- [Your assignment]:
Copy the listing exactly, please, and keep every picture out of it.

++++

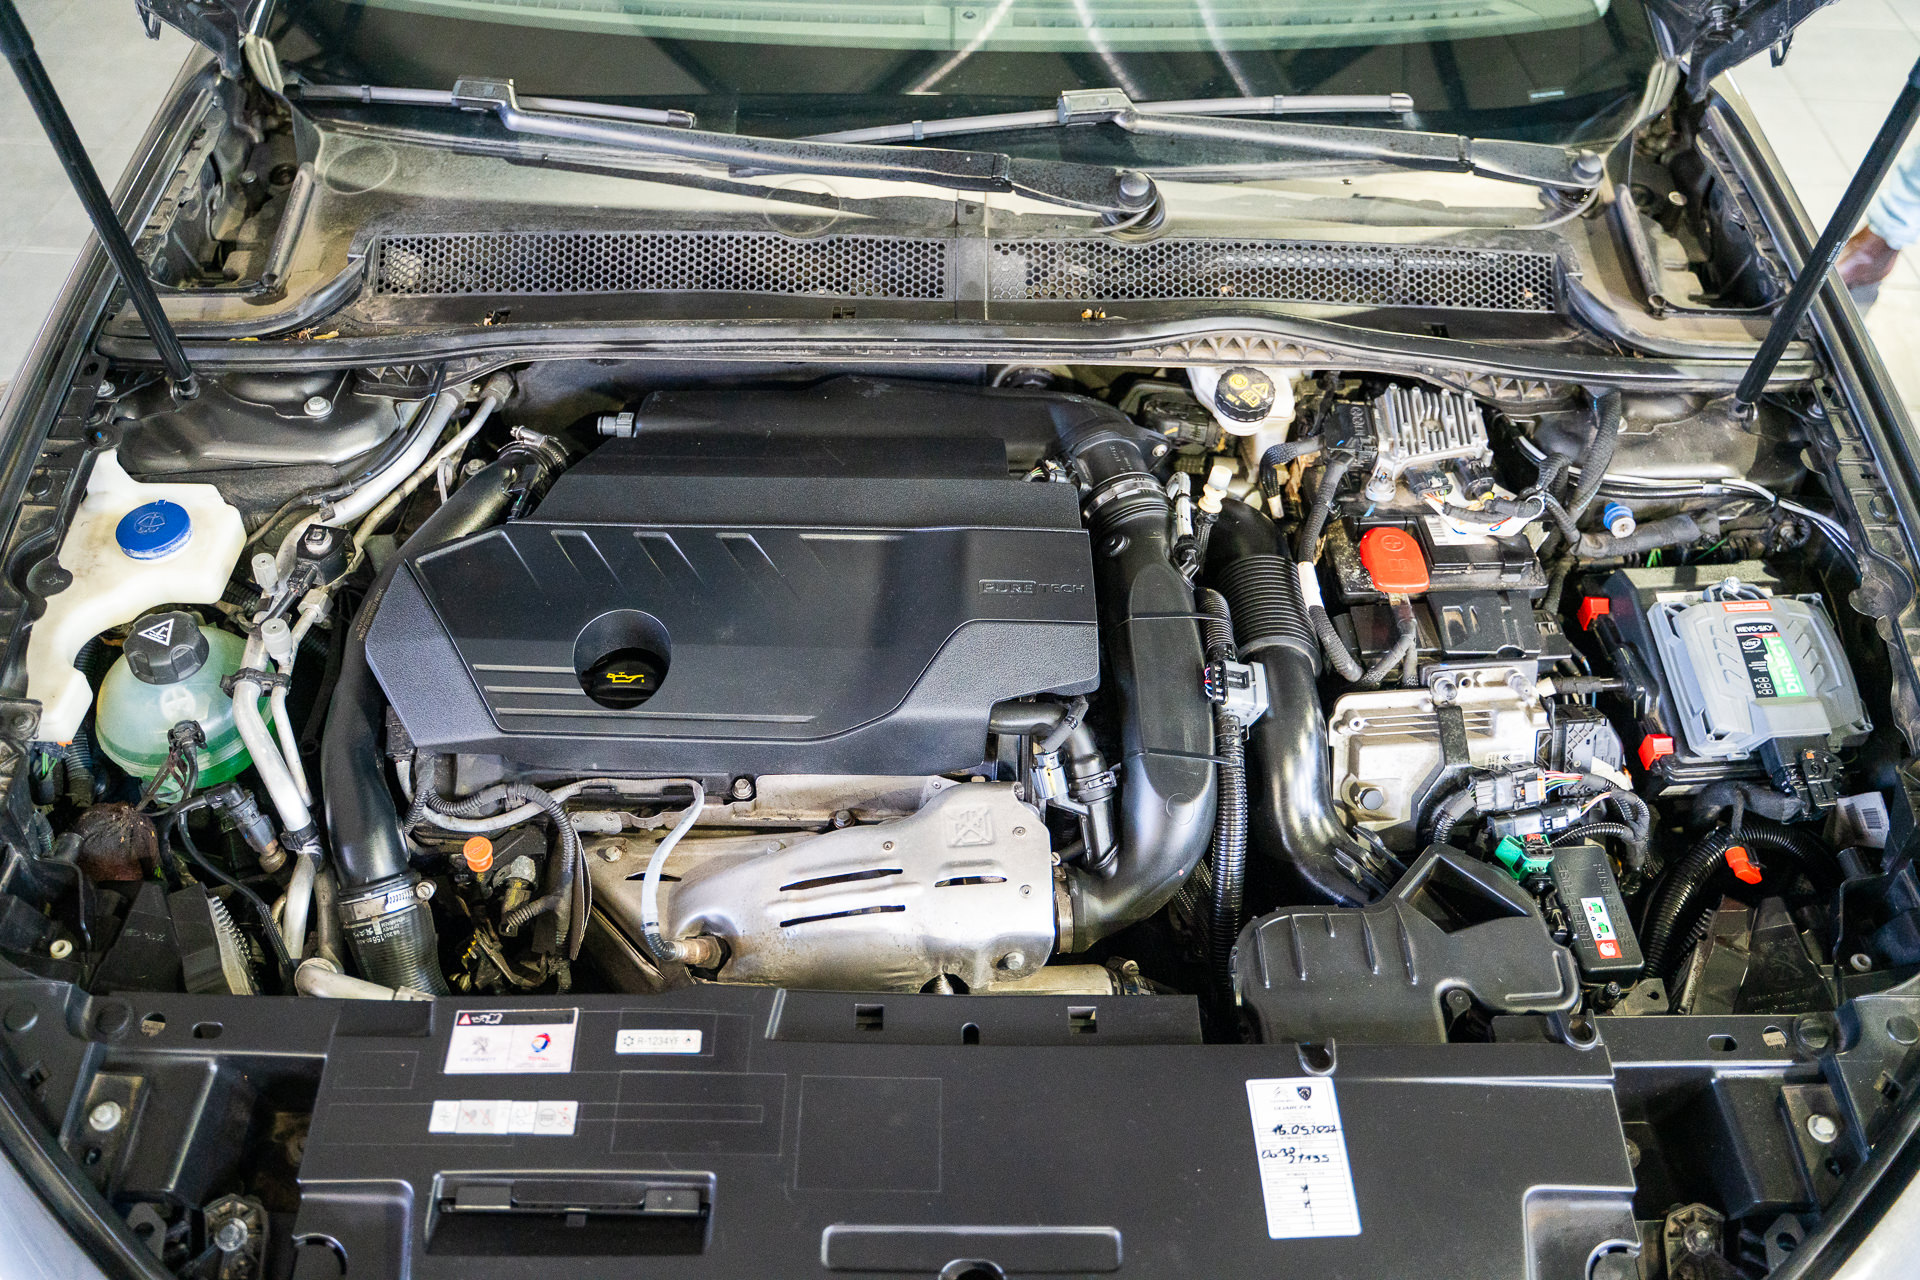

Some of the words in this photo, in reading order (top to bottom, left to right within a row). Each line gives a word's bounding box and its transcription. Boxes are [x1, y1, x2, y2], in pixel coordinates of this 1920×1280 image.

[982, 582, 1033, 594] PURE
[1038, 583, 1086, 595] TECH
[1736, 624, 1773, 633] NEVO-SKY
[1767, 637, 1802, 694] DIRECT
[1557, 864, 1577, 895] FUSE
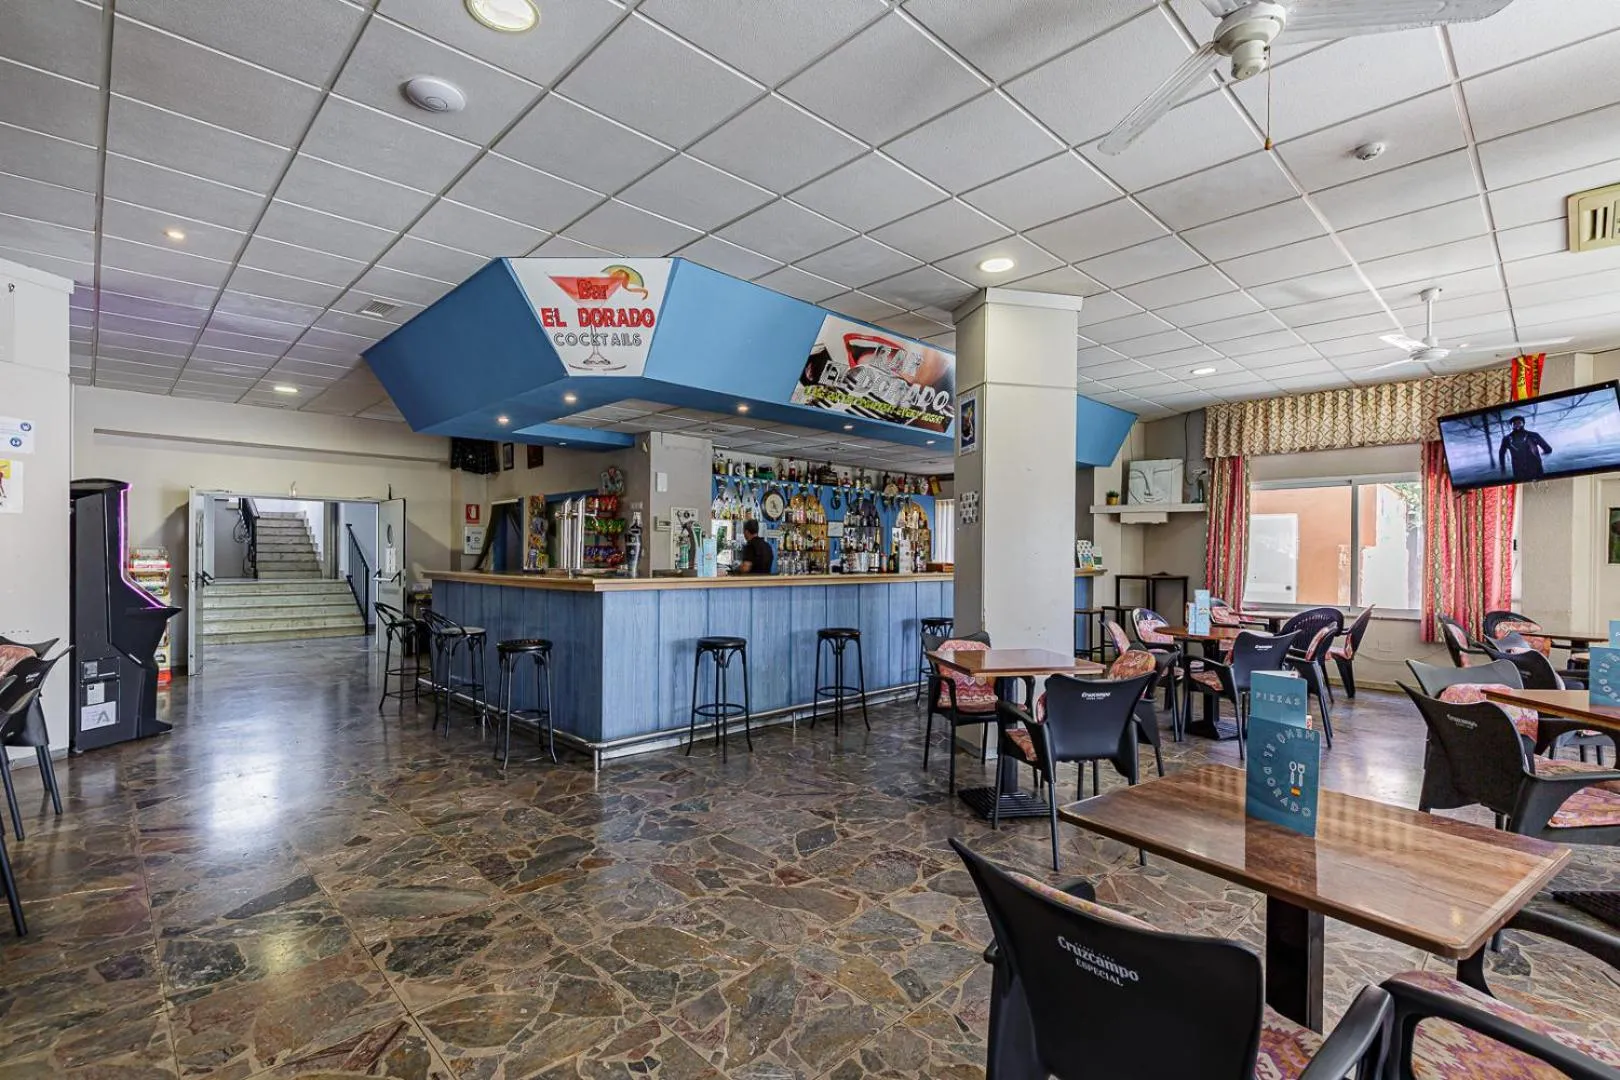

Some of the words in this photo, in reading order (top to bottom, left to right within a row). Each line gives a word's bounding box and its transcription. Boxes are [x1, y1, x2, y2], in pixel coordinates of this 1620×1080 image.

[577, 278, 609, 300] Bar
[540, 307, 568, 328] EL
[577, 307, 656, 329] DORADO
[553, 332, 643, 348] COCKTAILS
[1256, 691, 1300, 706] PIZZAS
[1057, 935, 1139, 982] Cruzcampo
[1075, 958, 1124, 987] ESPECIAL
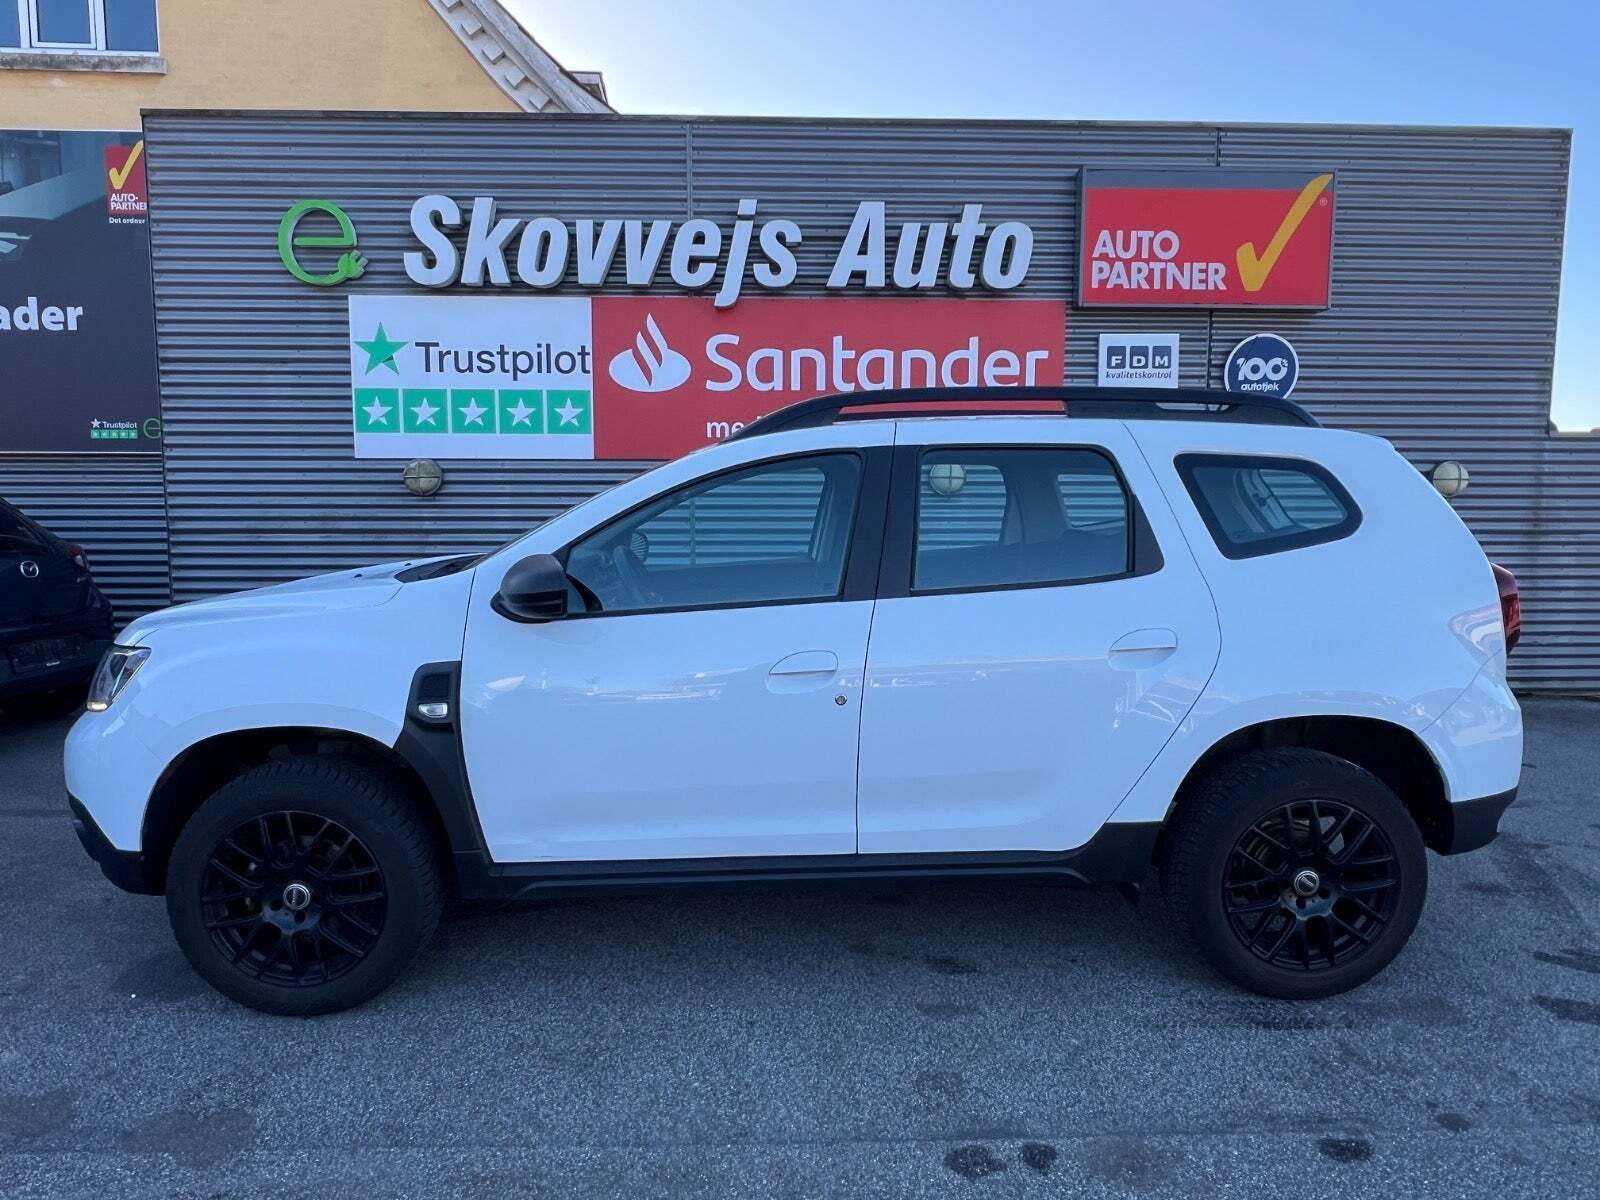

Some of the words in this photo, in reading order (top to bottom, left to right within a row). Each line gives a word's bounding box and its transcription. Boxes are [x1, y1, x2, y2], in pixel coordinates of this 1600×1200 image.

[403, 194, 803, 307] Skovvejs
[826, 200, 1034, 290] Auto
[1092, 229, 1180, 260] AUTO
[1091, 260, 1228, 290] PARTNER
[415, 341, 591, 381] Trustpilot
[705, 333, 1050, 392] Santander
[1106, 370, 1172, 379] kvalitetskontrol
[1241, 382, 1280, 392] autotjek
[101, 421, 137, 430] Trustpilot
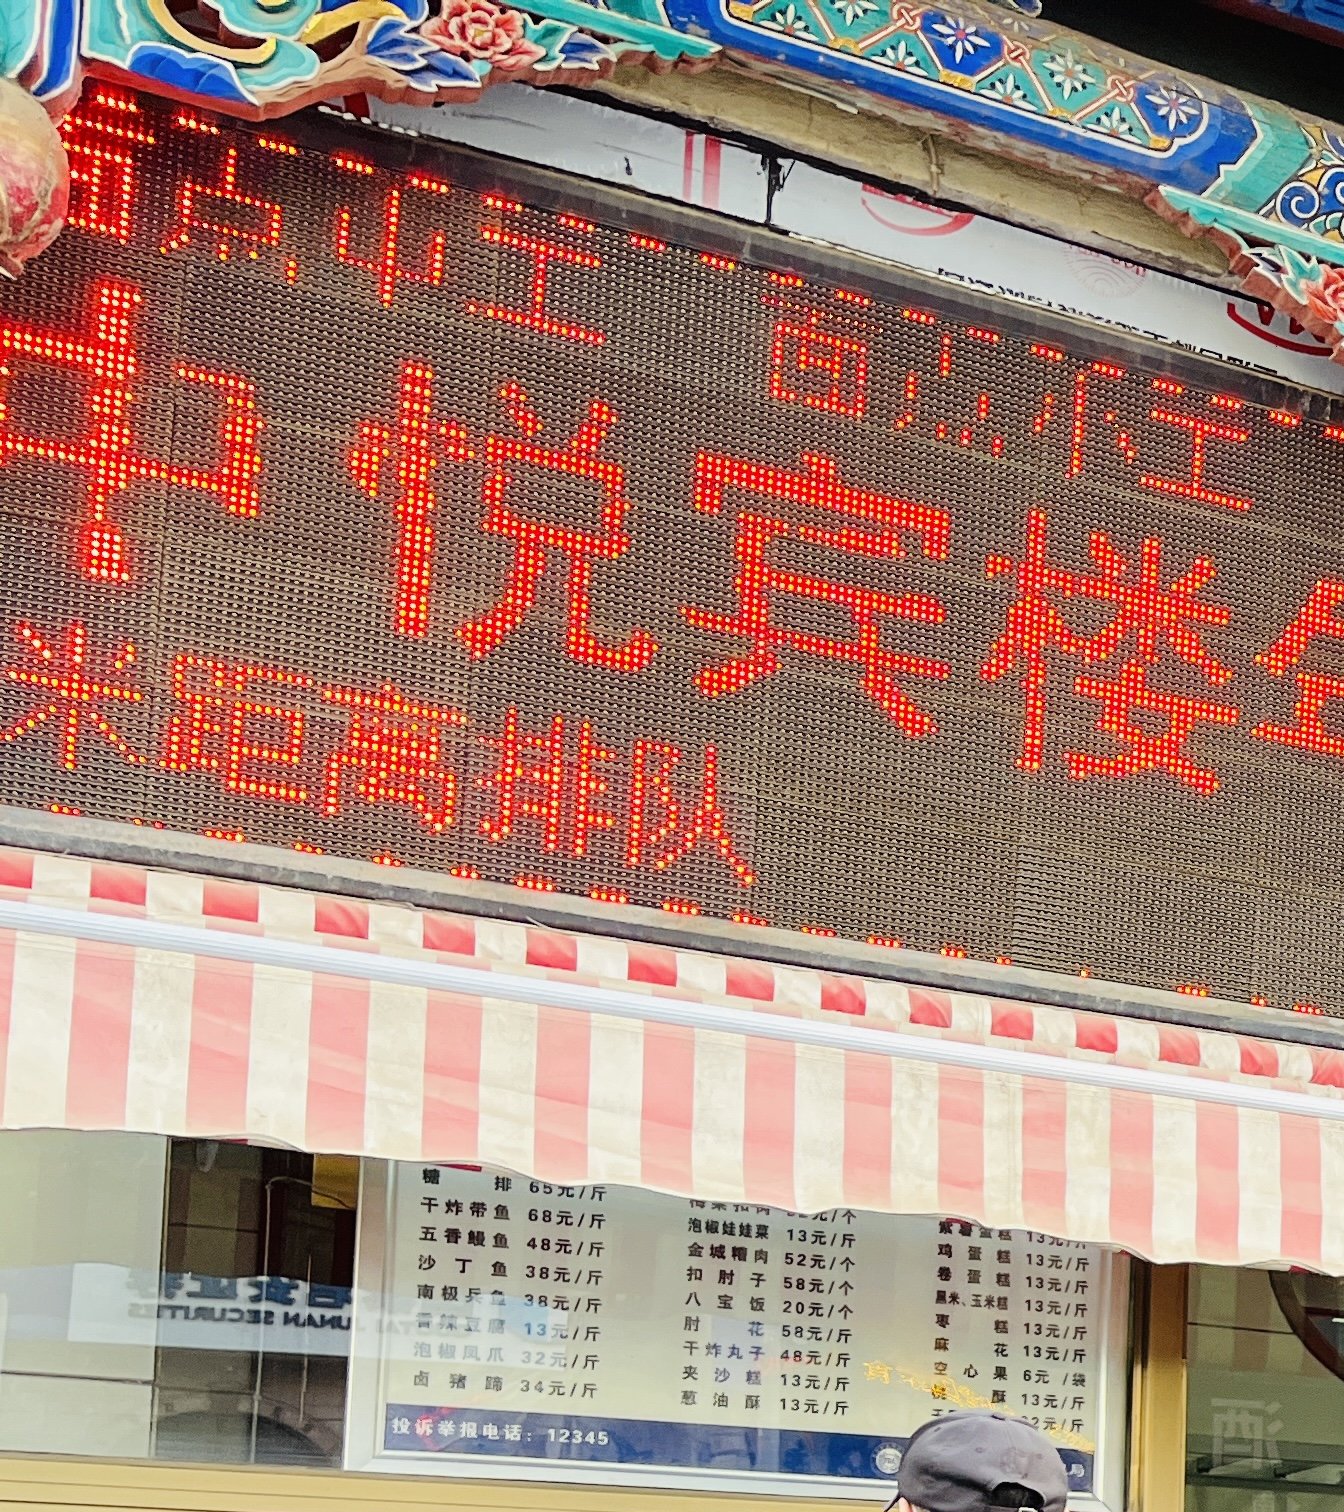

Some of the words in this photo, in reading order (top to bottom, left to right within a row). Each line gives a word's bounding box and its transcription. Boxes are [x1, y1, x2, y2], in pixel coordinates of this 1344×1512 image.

++++

- [Solution for this exercise]:
Some of the words in this photo, in reading order (top to bottom, left to right within a row). Each line gives a word's bounding box and its transcription. Boxes are [x1, y1, x2, y2], in pixel coordinates of this 1920×1280 image.

[982, 582, 1033, 594] PURE
[1038, 583, 1086, 595] TECH
[1736, 624, 1773, 633] NEVO-SKY
[1767, 637, 1802, 694] DIRECT
[1557, 864, 1577, 895] FUSE

Some of the words in this photo, in reading order (top to bottom, left to right within a row). Each line gives a word's bounding box and its transcription. Boxes are [x1, y1, x2, y2], in pixel coordinates of this 1620×1080 image.

[577, 278, 609, 300] Bar
[540, 307, 568, 328] EL
[577, 307, 656, 329] DORADO
[553, 332, 643, 348] COCKTAILS
[1256, 691, 1300, 706] PIZZAS
[1057, 935, 1139, 982] Cruzcampo
[1075, 958, 1124, 987] ESPECIAL

Some of the words in this photo, in reading order (top to bottom, left to right within a row). Each line gives a word's bounding box and its transcription. Boxes are [x1, y1, x2, y2], in pixel coordinates of this 1600×1200 image.

[403, 194, 803, 307] Skovvejs
[826, 200, 1034, 290] Auto
[1092, 229, 1180, 260] AUTO
[1091, 260, 1228, 290] PARTNER
[415, 341, 591, 381] Trustpilot
[705, 333, 1050, 392] Santander
[1106, 370, 1172, 379] kvalitetskontrol
[1241, 382, 1280, 392] autotjek
[101, 421, 137, 430] Trustpilot

Some of the words in this photo, in reading order (top to bottom, left to right within a row). Each line gives a word's bounding box and its transcription. Boxes are [x1, y1, x2, y2], in pixel coordinates of this 1344×1512 image.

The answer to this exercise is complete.